When considering Enterprise Investment Schemes you should also refer to the Venture Capital Schemes manual which give guidance on the Enterprise Investment Schemes as well as other HMRC tax relief schemes.
It goes without saying, that Enterprise Investment Schemes are not a method for tax avoidance. If the main purpose of a scheme is found to be tax avoidance then no relief will be given.
Income Tax Relief:
– on a minimum investment of £500 and a maximum of £500,00 to £1 million from 2012/13 (£500,000 2008/09 – 2011/12), in any one tax year.
– Tax relief increased from 20% to 30% on 6 April 2011.
– The maximum amount of investment that a qualifying company can receive is limited to £5 million.
– There is a carry back facility.
– Shares must be held for 3 years.
– Cannot be “connected” with the company.
During the period starting 2 years before the issue of shares and ending 3 years after the issue (or 3 years after the trade began if that followed the share issue), you are “connected” through your financial interest or by employment as a remunerated employee, director or partner. There is an exception for unremunerated directors who are “Business Angels”. You have sufficient financial interest when you directly or indirectly possess or be entitled to acquire more than: 30% of the ordinary share capital, or 30% of voting rights, or 30% of the loan capital plus issued ordinary share capital (on the basis of nominal values, not amounts subscribed or market values), of the company or any subsidiary. It is recommended to wait until after subscriber shares to issue EIS shares. It is also advisable to become a director only once shares have been issued. Relief might be denied to directors involved in the company prior to issue. Generally, Loss relief and Capital Gains Deferral are both available to “connected” investors, Income Tax Relief and Capital Gains Exemptions are not.
These rules are subject to exceptions for directors (see s167-s169 ITA 2007), which broadly permit payment for services as a director once the shares have been issued.
Capital Gains Tax exemption
– Any gain is free of CGT provided Income Tax relief received and shares disposed of after 3 years.
– Losses can be set off against income of disposal year or previous year.
Capital Gains Tax deferral relief
– Payment of CGT can be deferred where gain is reinvested in shares of an EIS qualifying company.
Tax reliefs can be reduced or withdrawn after it has been given.
The Qualifying Company
– Must be unquoted. The Alternative Investment market (AIM) and the PLUS Quoted and PLUS Traded Markets are not considered to be recognised markets.

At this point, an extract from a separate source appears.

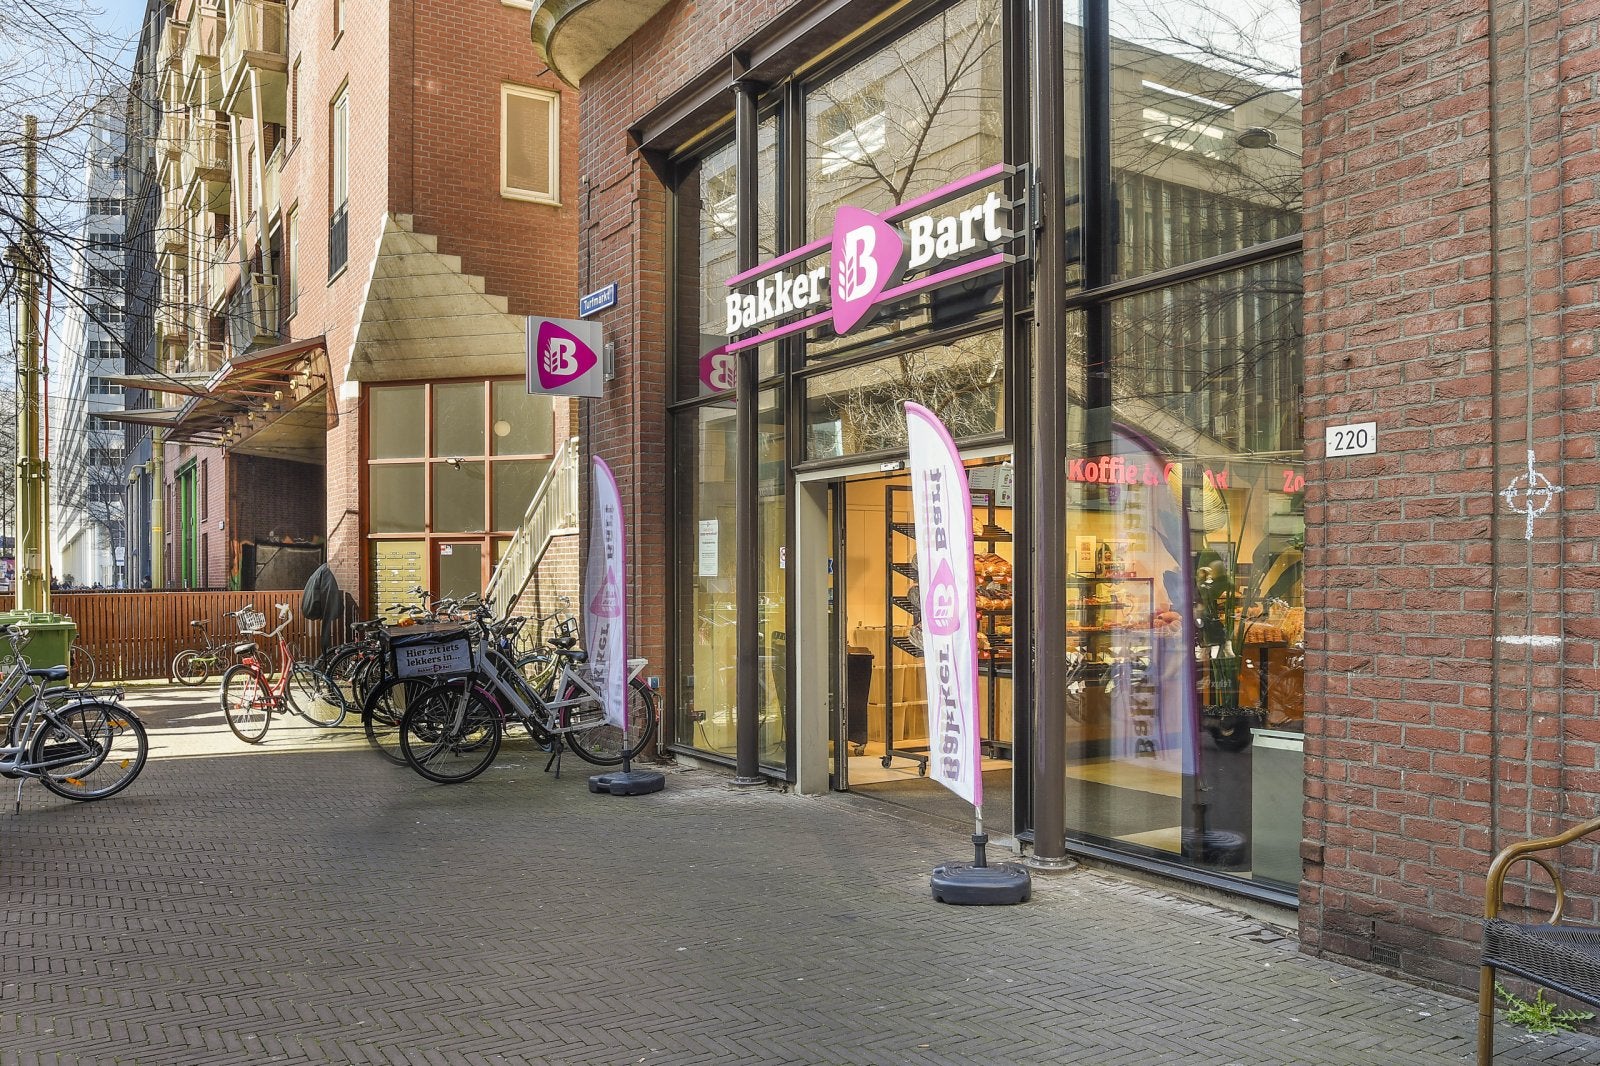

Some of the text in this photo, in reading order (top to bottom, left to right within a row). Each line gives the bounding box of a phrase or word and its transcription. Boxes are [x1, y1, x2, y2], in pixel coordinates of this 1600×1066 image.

– The Gross assets cannot exceed £15 million (£7 million before April 2012) before the share issue, or £16 million (£8 million before April 2012) immediately after the issue.
– A company that employs fewer than 250 (50 before April 2012) full-time employees at the time of the share issue. Carrying out the trade for which the money was raised for at least four months before an investor is eligible for EIS relief.

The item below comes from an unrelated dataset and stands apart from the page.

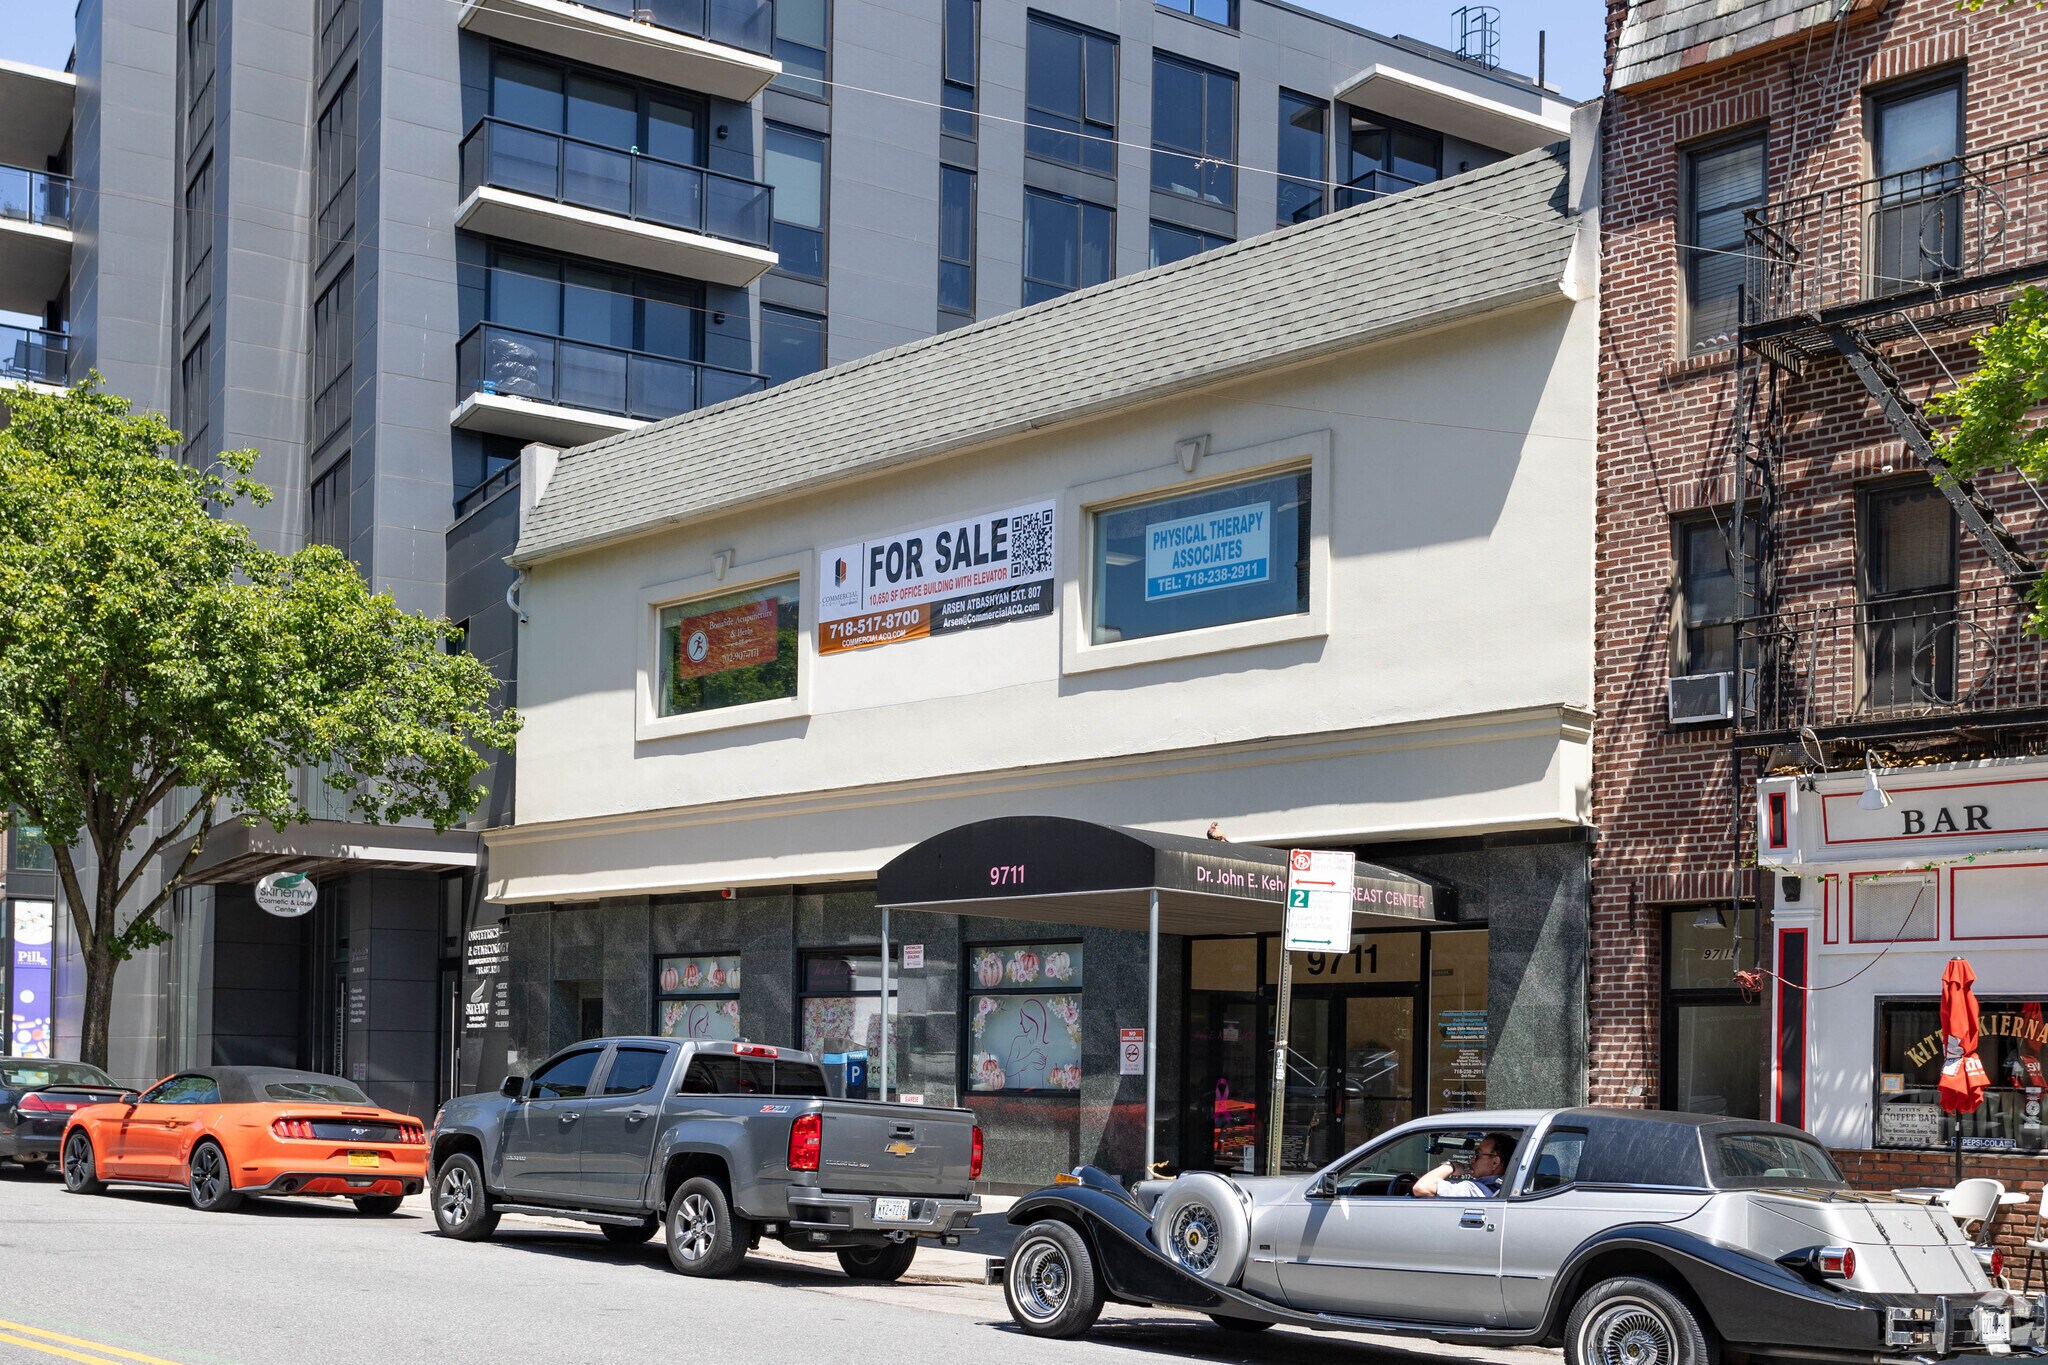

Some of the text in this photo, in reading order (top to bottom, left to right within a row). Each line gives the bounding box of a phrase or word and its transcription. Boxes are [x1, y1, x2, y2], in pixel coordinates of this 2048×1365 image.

– Generally must not be a subsidiary.
– May have subsidiary, must own more than 50% or 90% if a property management subsidiary.

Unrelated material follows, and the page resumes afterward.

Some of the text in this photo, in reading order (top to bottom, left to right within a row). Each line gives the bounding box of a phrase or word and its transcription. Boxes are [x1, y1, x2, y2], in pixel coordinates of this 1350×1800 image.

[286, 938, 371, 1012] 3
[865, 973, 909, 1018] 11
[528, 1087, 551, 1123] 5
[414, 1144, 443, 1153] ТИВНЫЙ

– If subsidiary carries out the trade then the qualifying company must own 90% of the subsidiary.
– The company is not allowed to raise more than £5 million in any 12 month period from the venture capital schemes (i.e. a combination of EIS and two other schemes (the corporate venturing scheme and the venture capital trust (VCT) scheme)).
– Trade must be conducted on a commercial basis for profit. A list of “excluded activities” under the EIS can be found here .
Seed Enterprise Investment Scheme (SEIS)
The Finance Act 2012 introduced the Seed Enterprise Investment Scheme (SEIS).
If the EISs are for small businesses then the SEIS is more for start-ups. The SEIS has applied since 6 April 2012.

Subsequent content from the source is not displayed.